What is needed – Leave out all images and set down the records exactly as given.

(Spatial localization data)
_ _ _

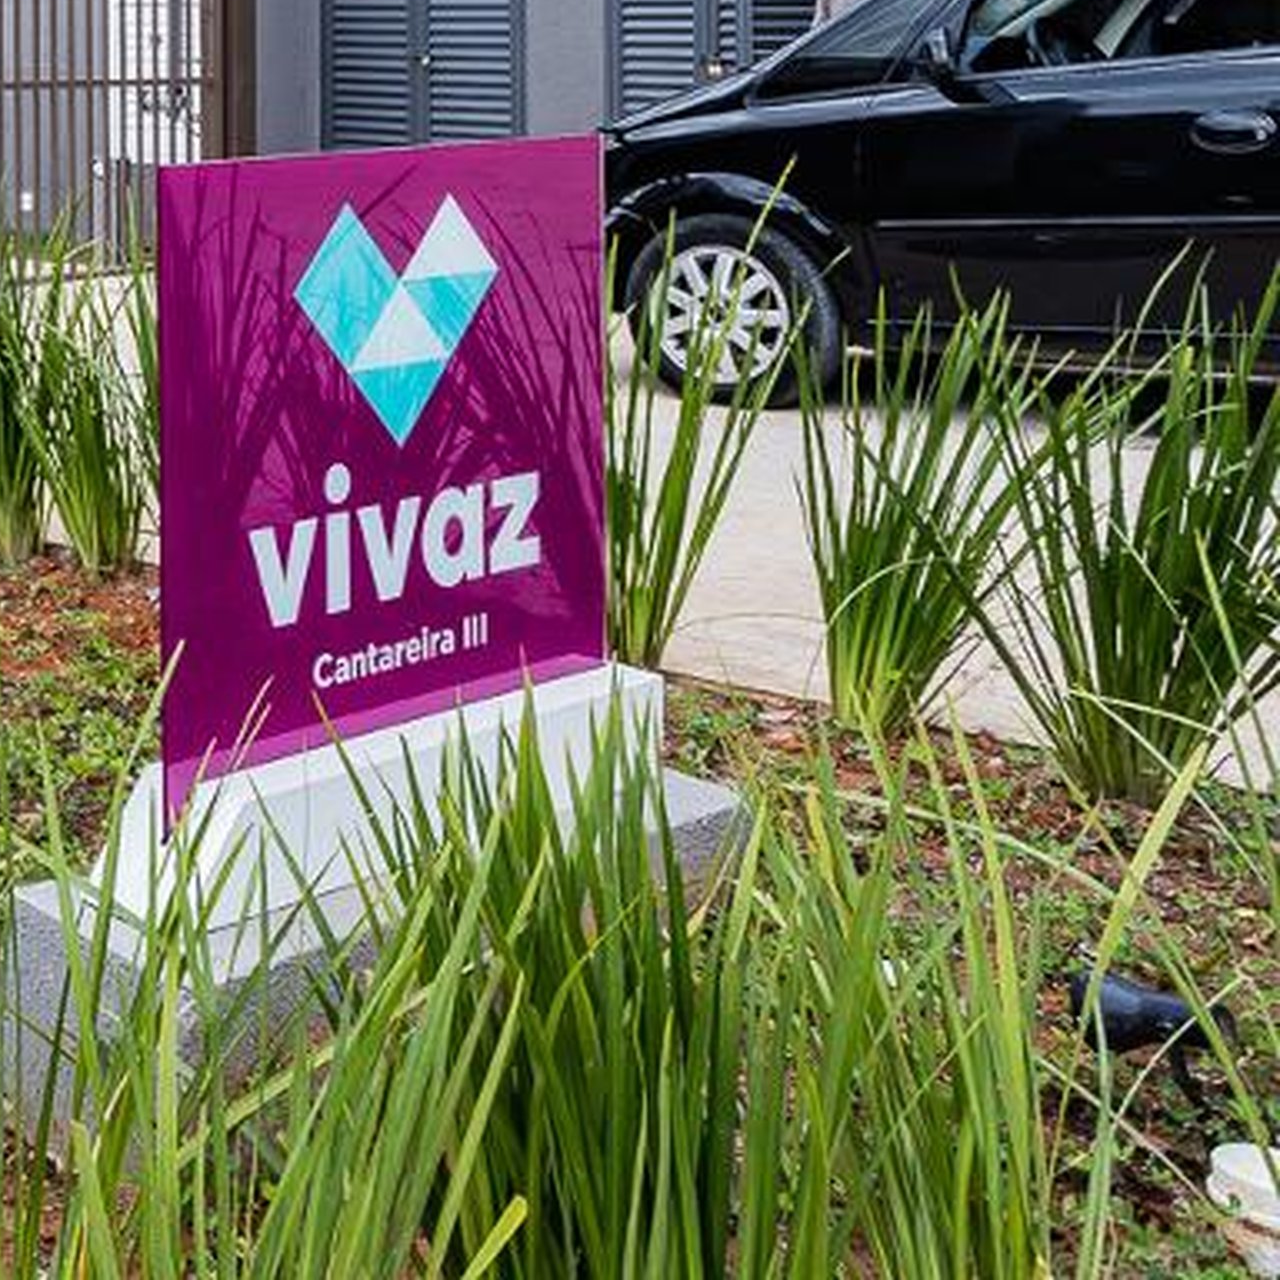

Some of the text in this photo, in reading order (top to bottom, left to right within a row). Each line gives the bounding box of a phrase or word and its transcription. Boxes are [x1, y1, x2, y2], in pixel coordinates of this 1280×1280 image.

[248, 463, 541, 628] vivaz
[312, 612, 488, 688] Cantareira III
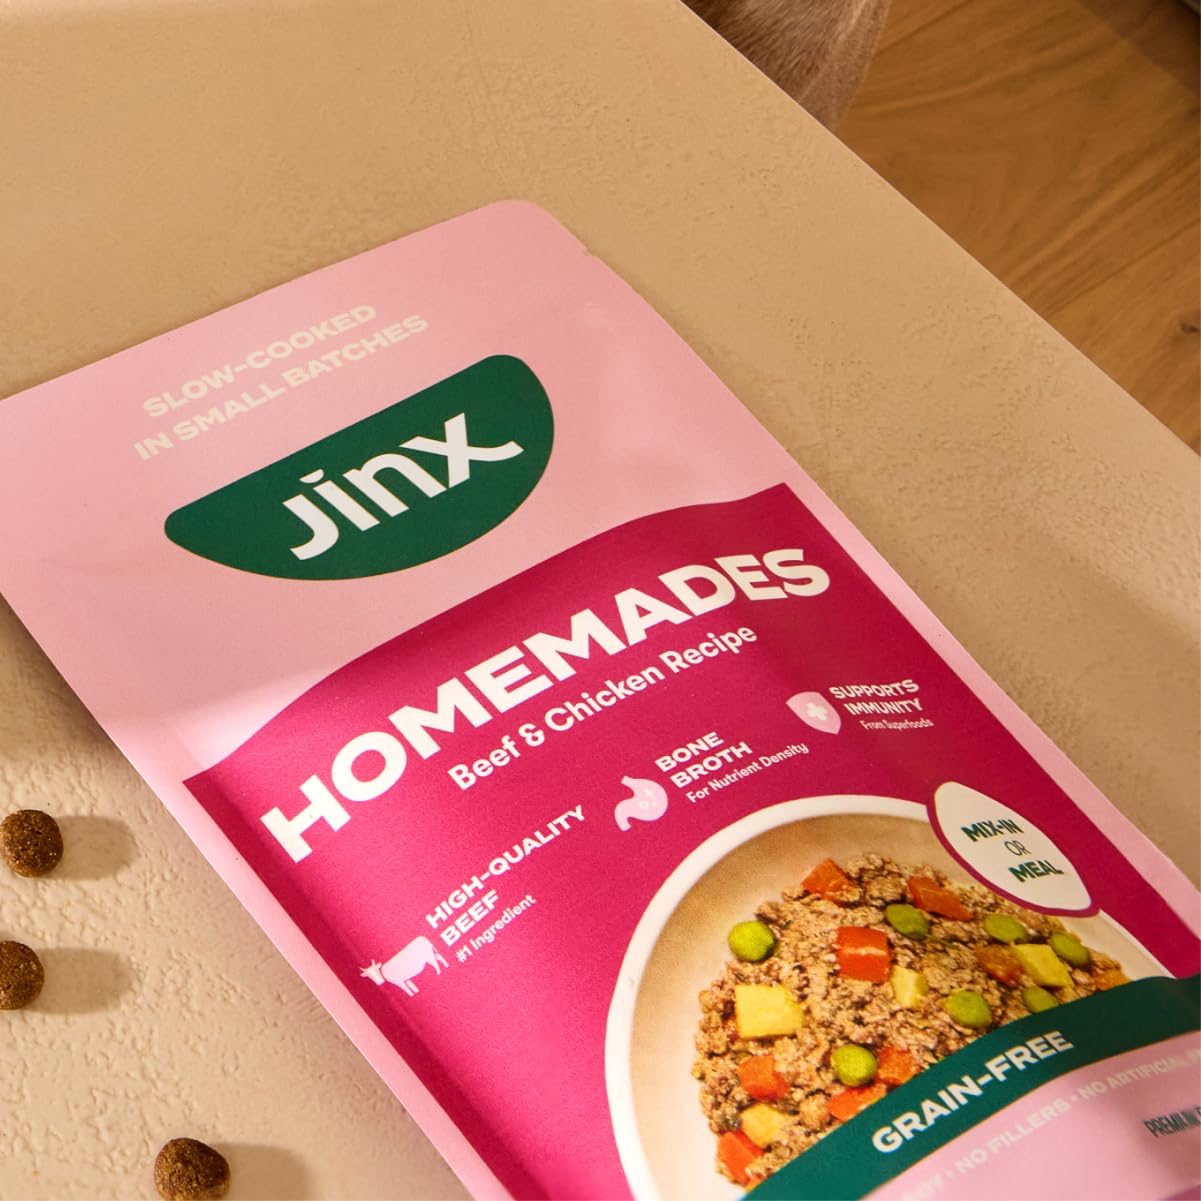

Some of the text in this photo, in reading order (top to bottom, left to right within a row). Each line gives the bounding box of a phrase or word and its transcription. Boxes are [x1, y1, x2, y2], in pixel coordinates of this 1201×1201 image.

[133, 315, 429, 461] IN SMALL BATCHES
[143, 305, 377, 417] SLOW-COOKED
[259, 548, 830, 863] HOMEMADES
[448, 626, 758, 791] Beef & Chicken Recipe
[829, 679, 920, 700] SUPPORTS
[844, 698, 924, 716] IMMUNITY
[655, 731, 724, 772] BONE
[860, 719, 885, 730] From
[669, 741, 752, 789] BROTH
[685, 743, 809, 804] For Nutrient Density
[961, 818, 1024, 843] MIX-IN
[1004, 840, 1031, 856] OR
[425, 804, 585, 929] HIGH-QUALITY
[1008, 860, 1065, 882] MEAL
[440, 889, 499, 947] BEEF
[455, 893, 536, 963] #1 Ingredient
[872, 1030, 1075, 1153] GRAIN-FREE
[954, 1149, 988, 1174] NO
[988, 1098, 1072, 1154] FILLERS
[1077, 1080, 1107, 1099] NO
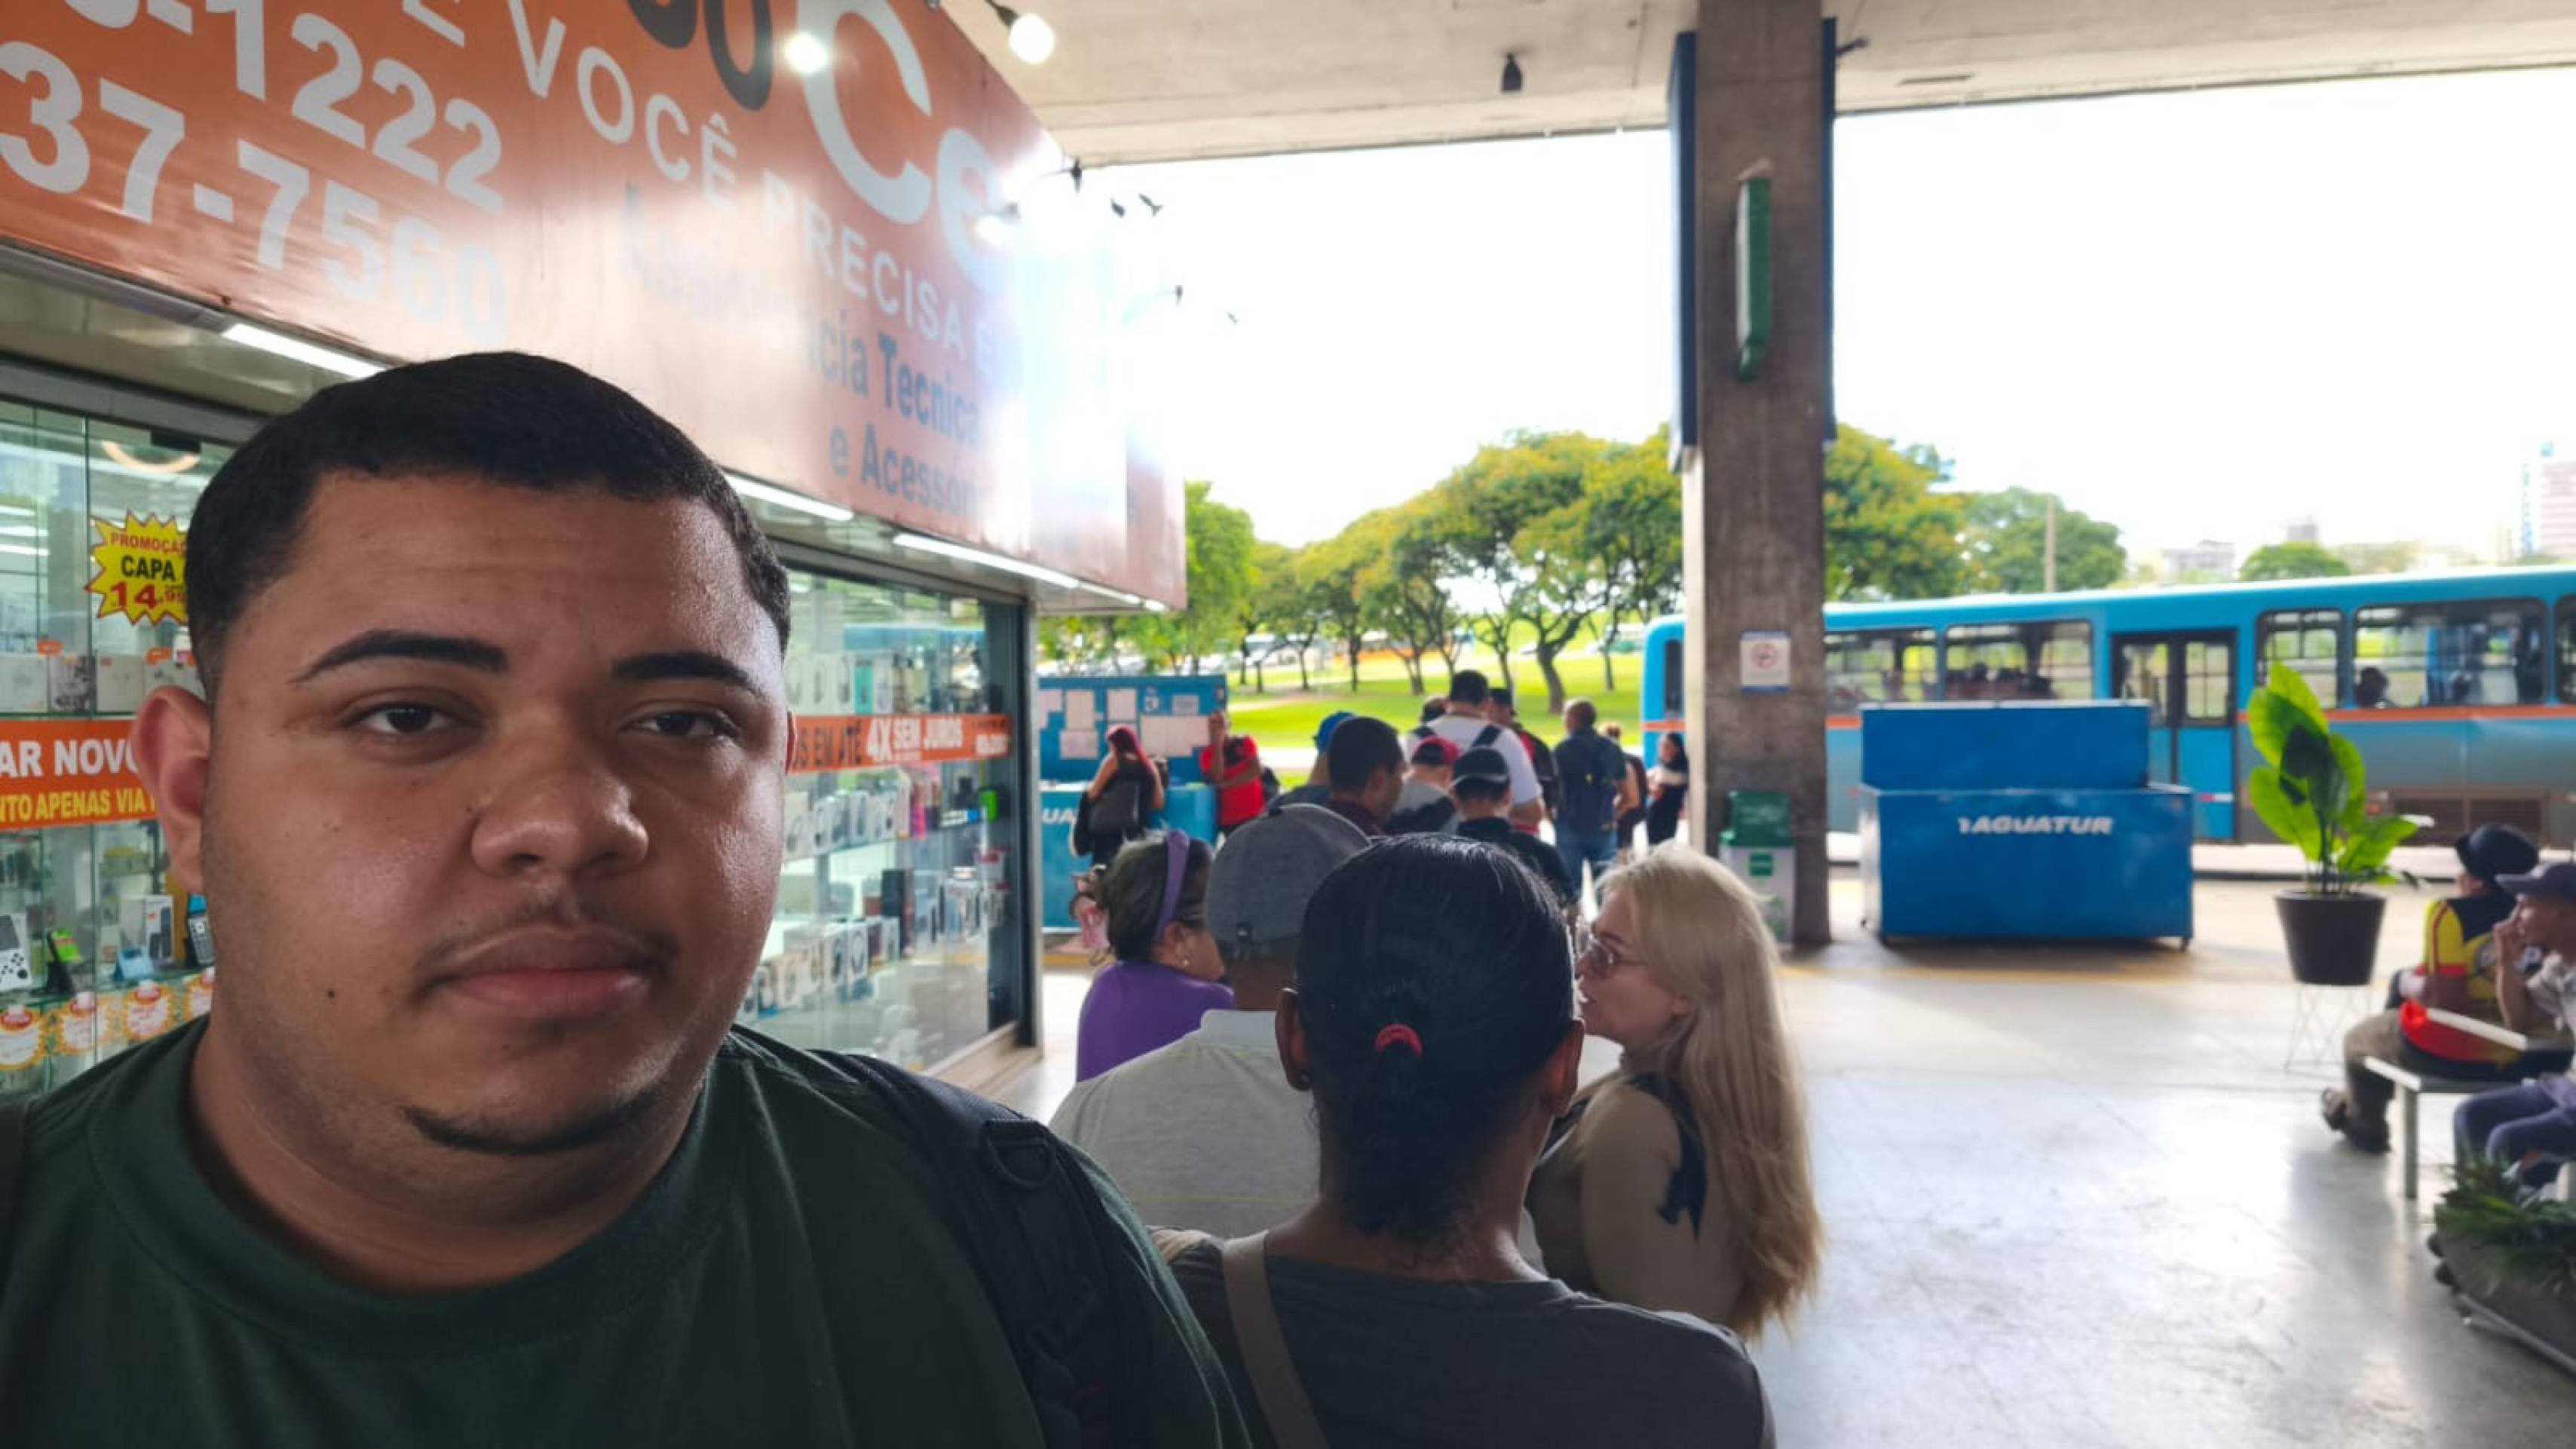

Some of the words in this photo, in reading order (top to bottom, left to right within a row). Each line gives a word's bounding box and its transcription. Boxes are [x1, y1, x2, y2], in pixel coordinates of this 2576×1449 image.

[63, 0, 504, 216] -1222
[0, 41, 507, 348] 37-7560
[507, 0, 738, 214] VOCÊ
[762, 167, 967, 363] PRECISA
[830, 425, 849, 478] e
[121, 555, 176, 581] CAPA
[866, 717, 892, 761] 4X
[36, 789, 111, 820] APENAS
[115, 787, 145, 813] VIA
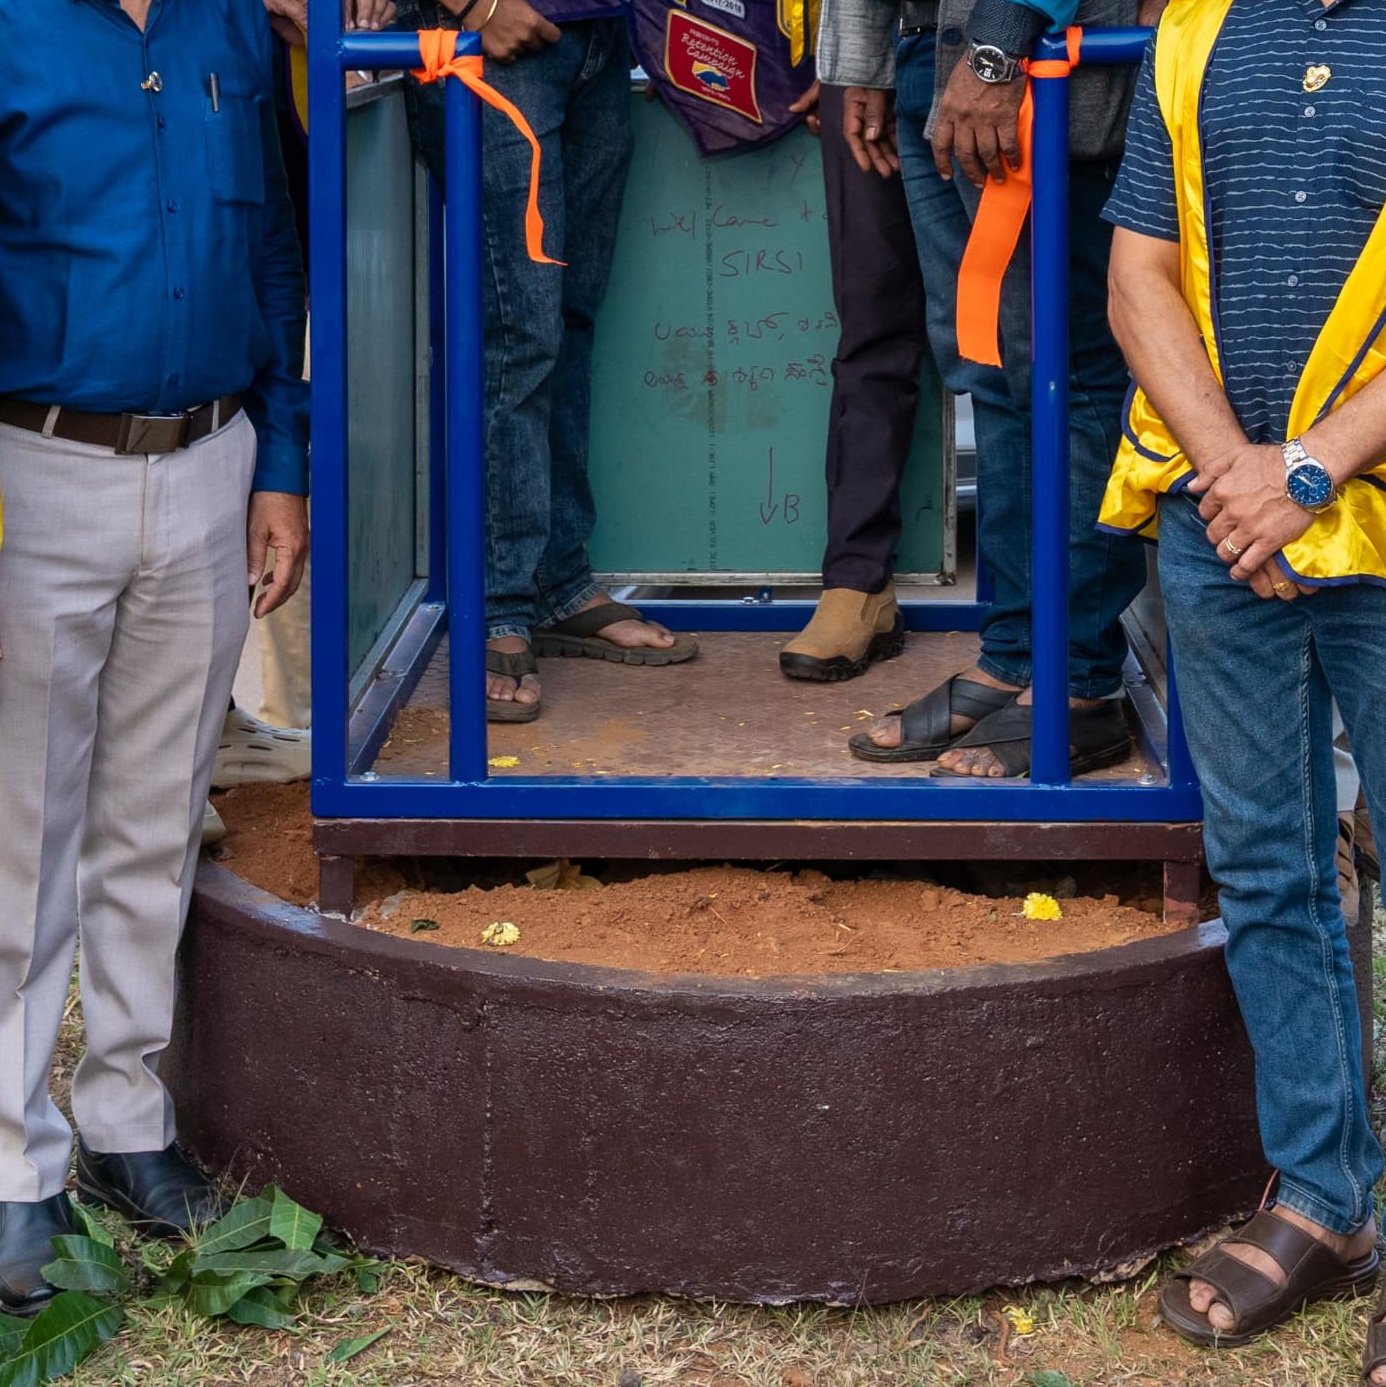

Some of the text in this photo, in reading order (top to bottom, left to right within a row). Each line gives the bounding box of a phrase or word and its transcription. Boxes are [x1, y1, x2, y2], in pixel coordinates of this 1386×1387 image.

[681, 33, 738, 65] Retention
[686, 46, 745, 79] Campaign
[719, 249, 802, 277] SIRSI

_ _ _

Problem solution –
Some of the text in this photo, in reading order (top to bottom, left to right within a row). Each line gives the bounding box of a phrase or word and its transcription. Boxes are [x1, y1, x2, y2], in pixel coordinates of this 1280×1280 image.

[248, 463, 541, 628] vivaz
[312, 612, 488, 688] Cantareira III

Some of the text in this photo, in reading order (top to bottom, left to right within a row). Each line gives the bounding box of a phrase or word and its transcription. Boxes are [x1, y1, x2, y2], in pixel coordinates of this 1201×1201 image.

[133, 315, 429, 461] IN SMALL BATCHES
[143, 305, 377, 417] SLOW-COOKED
[259, 548, 830, 863] HOMEMADES
[448, 626, 758, 791] Beef & Chicken Recipe
[829, 679, 920, 700] SUPPORTS
[844, 698, 924, 716] IMMUNITY
[655, 731, 724, 772] BONE
[860, 719, 885, 730] From
[669, 741, 752, 789] BROTH
[685, 743, 809, 804] For Nutrient Density
[961, 818, 1024, 843] MIX-IN
[1004, 840, 1031, 856] OR
[425, 804, 585, 929] HIGH-QUALITY
[1008, 860, 1065, 882] MEAL
[440, 889, 499, 947] BEEF
[455, 893, 536, 963] #1 Ingredient
[872, 1030, 1075, 1153] GRAIN-FREE
[954, 1149, 988, 1174] NO
[988, 1098, 1072, 1154] FILLERS
[1077, 1080, 1107, 1099] NO

Some of the words in this photo, in reading order (top to bottom, left to right within a row). Each line gives a word's bounding box and its transcription. Boxes are [x1, y1, x2, y2], in pixel coordinates of this 2576×1449 image.

[63, 0, 504, 216] -1222
[0, 41, 507, 348] 37-7560
[507, 0, 738, 214] VOCÊ
[762, 167, 967, 363] PRECISA
[830, 425, 849, 478] e
[121, 555, 176, 581] CAPA
[866, 717, 892, 761] 4X
[36, 789, 111, 820] APENAS
[115, 787, 145, 813] VIA

Some of the text in this photo, in reading order (top to bottom, left to right within a row). Each line gives the bounding box of a phrase or word and its transcription. Boxes are [x1, y1, x2, y2], in pixel coordinates of this 1386×1387 image.

[681, 33, 738, 65] Retention
[686, 46, 745, 79] Campaign
[719, 249, 802, 277] SIRSI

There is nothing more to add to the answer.